UK

Whistleblower who raised fears about the health and safety of patients at NHS Tavistock sues clinic

IT engineer Miss Bell is pictured outside the Royal Courts of Justice in London in January

In an interview earlier this year, Keira told the Daily Mail what happened to her, in order to highlight her plight and, she says, serve as a warning to others. 

Keira was brought up in Hertfordshire, with two younger sisters, by her single mother, as her parents had divorced. Her father, who served in the U.S. military in Britain and has since settled here, lived a few miles away.

She was always a tomboy, she said. She did not like wearing skirts, and can still vividly remember two occasions when she was forced by her family to go out in a dress.

She told the Daily Mail: ‘At 14, I was pitched a question by my mother, about me being such a tomboy. She asked me if I was a lesbian, so I said no. She asked me if I wanted to be a boy and I said no, too.’

But the question set Keira thinking that she might be what was then called transsexual, and today is known as transgender.

‘The idea was disgusting to me,’ she tells me. ‘Wanting to change sex was not glorified as it is now. It was still relatively unknown. Yet the idea stuck in my mind and it didn’t go away.’

Keira’s road to the invasive treatment she blames for blighting her life, began after she started to persistently play truant at school. An odd one out, she insisted on wearing trousers — most female pupils there chose skirts — and rarely had friends of either sex.

When she continually refused to turn up at class as a result of bullying, she was referred to a therapist.

She told him of her thoughts that she wanted to be a boy.

Very soon, she was referred to her local doctor who, in turn, sent her to the child and adolescent mental health service (CAMHS) near her home. From there, because of her belief that she was born in the wrong body, she was given treatment at the Tavistock 

Keira had entered puberty and her periods had begun. ‘The Tavistock gave me hormone blockers to stop my female development. It was like turning off a tap,’ she says.

‘I had symptoms similar to the menopause when a woman’s hormones drop. I had hot flushes, I found it difficult to sleep, my sex drive disappeared. I was given calcium tablets because my bones weakened.’

Keira claims she was not warned by the Tavistock therapists of the dreadful symptoms ahead.

Her breasts, which she had been binding with a cloth she bought from a transgender internet site, did not instantly disappear. ‘I was in nowhere land,’ she says.

Yet back she went to the Tavistock, where tests were run to see if she was ready for the next stage of her treatment after nearly a year on blockers. 

A few months later, she noticed the first wispy hairs growing on her chin. At last something was happening. Keira was pleased.

She was referred to the Gender Identity Clinic in West London, which treats adults planning to change sex.

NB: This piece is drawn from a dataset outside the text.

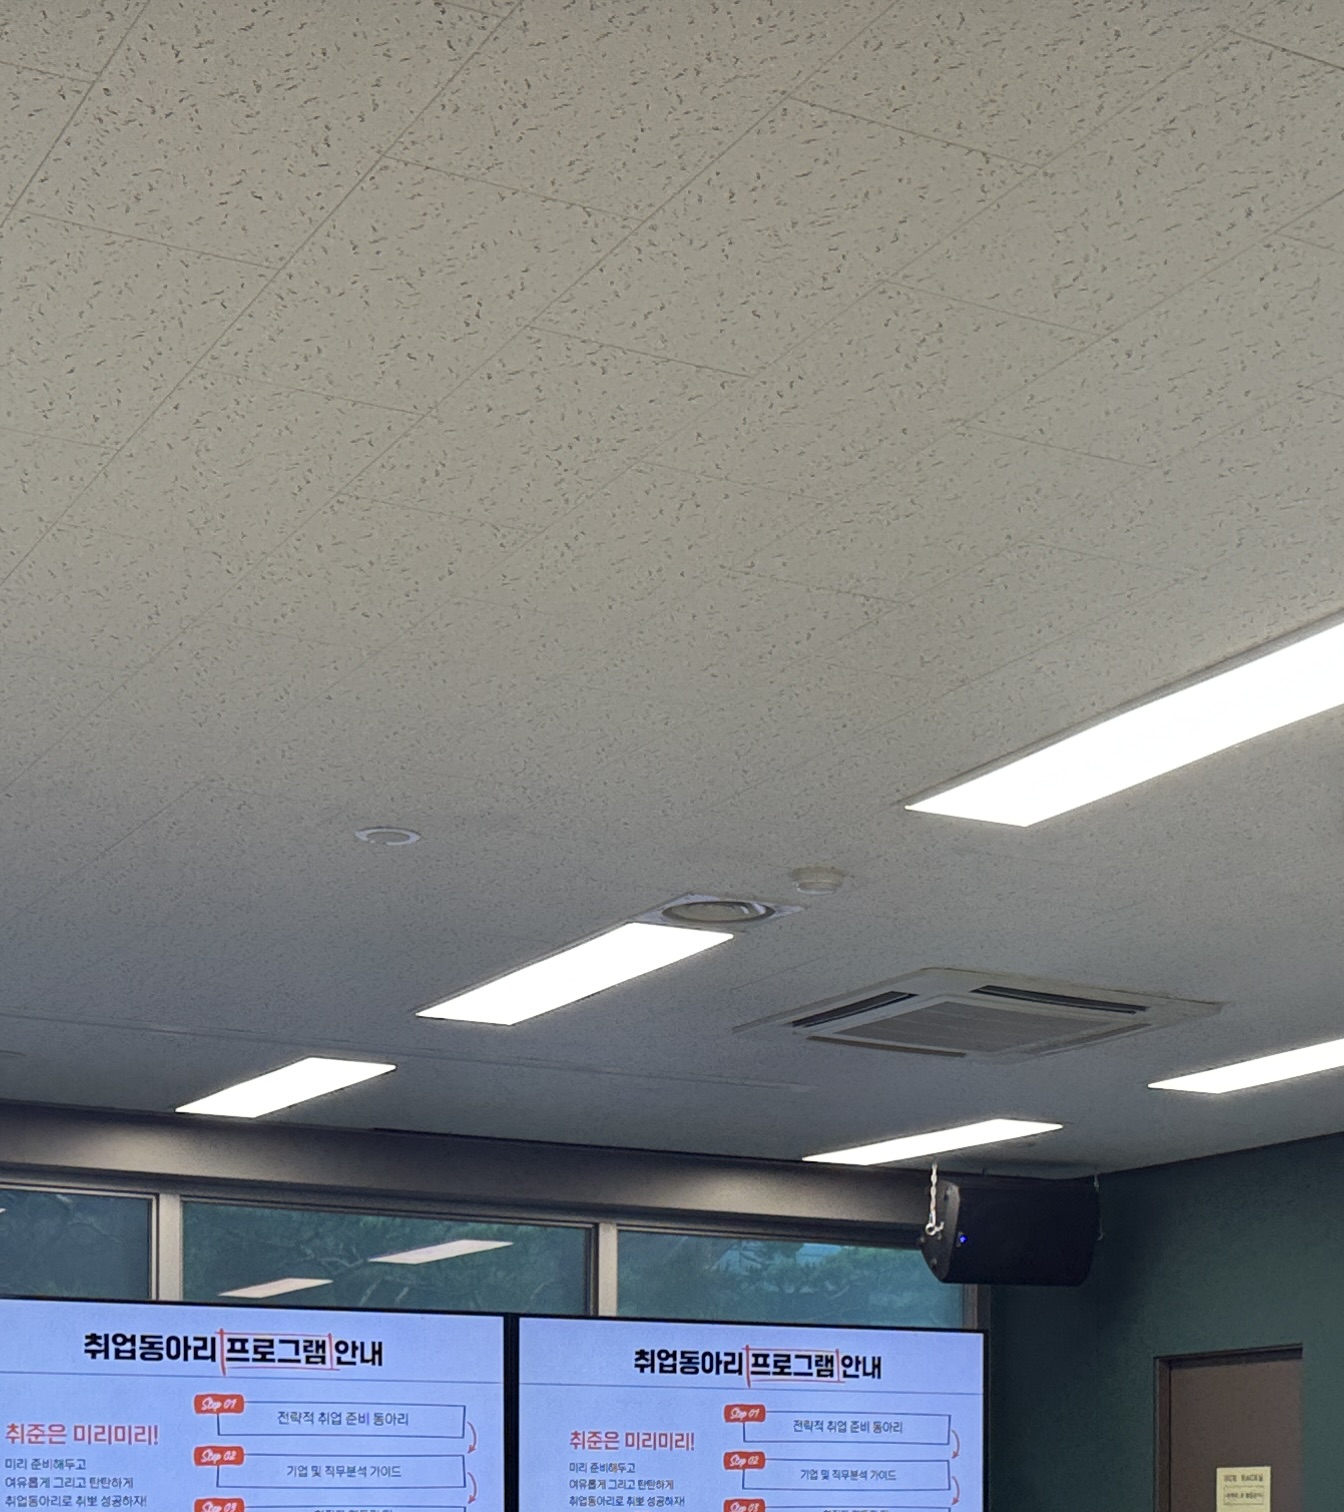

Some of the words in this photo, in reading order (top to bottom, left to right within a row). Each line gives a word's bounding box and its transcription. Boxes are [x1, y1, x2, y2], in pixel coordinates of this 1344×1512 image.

After getting two ‘opinions’ from experts there, she was sent to a hospital in Brighton, East Sussex, for a double mastectomy, aged 20. 

By now, she had a full beard, her sex drive returned, and her voice was deep.

After her breasts were removed, she began to have doubts about becoming a boy.

Despite her doubts, she pressed on. She changed her name and sex on her driving licence and birth certificate, calling herself Quincy (after musician Quincy Jones) as she liked the sound of it. She also altered her name by deed poll, and got a government-authorised Gender Recognition Certificate making her officially male. 

In January last year, soon after her 22nd birthday, she had her final testosterone injection. 

But, after years of having hormones pumped into your body, the clock is not easily turned back. It is true that her periods returned and she slowly began to regain a more feminine figure around her hips. Yet her beard still grows.

‘I don’t know if I will ever really look like a woman again,’ she said. ‘I feel I was a guinea pig at the Tavistock, and I don’t think anyone knows what will happen to my body in the future.’ 

Even the question of whether she will be able to have children is in doubt.

She has started buying women’s clothes and using female toilets again, but says: ‘I worry about it every time in case women think I am a man. I get nervous. I have short hair but I am growing it and, perhaps, that will make a difference.’ 

By law she is male, and she faces the bureaucratic nightmare of changing official paperwork back to say she is female.